Data entries
☆ ☆ ☆ ☆

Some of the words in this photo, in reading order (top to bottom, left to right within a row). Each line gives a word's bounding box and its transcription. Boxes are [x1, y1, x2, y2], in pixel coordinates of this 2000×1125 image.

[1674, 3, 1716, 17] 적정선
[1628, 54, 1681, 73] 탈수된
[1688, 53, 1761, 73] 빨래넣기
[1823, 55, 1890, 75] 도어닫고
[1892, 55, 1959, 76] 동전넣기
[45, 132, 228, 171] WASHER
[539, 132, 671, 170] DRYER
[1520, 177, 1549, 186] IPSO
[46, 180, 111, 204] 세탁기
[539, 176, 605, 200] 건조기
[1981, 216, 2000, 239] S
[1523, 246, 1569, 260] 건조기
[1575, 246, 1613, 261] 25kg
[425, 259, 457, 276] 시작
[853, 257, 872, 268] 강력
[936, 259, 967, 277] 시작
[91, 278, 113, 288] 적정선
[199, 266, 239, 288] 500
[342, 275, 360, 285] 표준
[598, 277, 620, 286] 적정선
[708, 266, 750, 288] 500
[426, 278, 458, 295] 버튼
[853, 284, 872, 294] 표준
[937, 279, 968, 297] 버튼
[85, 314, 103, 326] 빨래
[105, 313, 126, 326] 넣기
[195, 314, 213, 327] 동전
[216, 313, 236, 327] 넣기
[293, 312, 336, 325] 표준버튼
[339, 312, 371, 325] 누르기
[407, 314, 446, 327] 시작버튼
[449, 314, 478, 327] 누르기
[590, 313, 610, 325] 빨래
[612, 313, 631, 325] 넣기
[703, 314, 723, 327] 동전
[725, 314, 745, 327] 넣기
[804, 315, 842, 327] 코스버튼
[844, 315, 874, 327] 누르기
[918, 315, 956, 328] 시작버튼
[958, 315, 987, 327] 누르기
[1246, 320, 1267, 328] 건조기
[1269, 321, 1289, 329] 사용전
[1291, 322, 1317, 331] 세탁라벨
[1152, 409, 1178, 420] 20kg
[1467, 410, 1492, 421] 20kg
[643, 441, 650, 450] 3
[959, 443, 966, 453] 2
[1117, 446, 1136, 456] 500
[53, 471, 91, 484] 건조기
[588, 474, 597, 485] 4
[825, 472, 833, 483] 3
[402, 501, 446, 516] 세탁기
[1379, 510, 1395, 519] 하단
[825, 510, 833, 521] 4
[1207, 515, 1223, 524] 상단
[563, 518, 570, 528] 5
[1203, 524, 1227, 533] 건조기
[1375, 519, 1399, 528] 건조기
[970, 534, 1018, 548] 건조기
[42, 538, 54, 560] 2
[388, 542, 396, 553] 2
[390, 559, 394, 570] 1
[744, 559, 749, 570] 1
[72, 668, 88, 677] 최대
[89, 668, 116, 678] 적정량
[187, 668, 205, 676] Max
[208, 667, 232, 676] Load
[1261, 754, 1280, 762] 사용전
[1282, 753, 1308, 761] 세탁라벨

☆ ☆ ☆ ☆

### YOUR OBJECTIVE
Lines holding the word "세탁라벨" should be copied from the entries above.

### EXERCISE SOLUTION
[1291, 322, 1317, 331] 세탁라벨
[1282, 753, 1308, 761] 세탁라벨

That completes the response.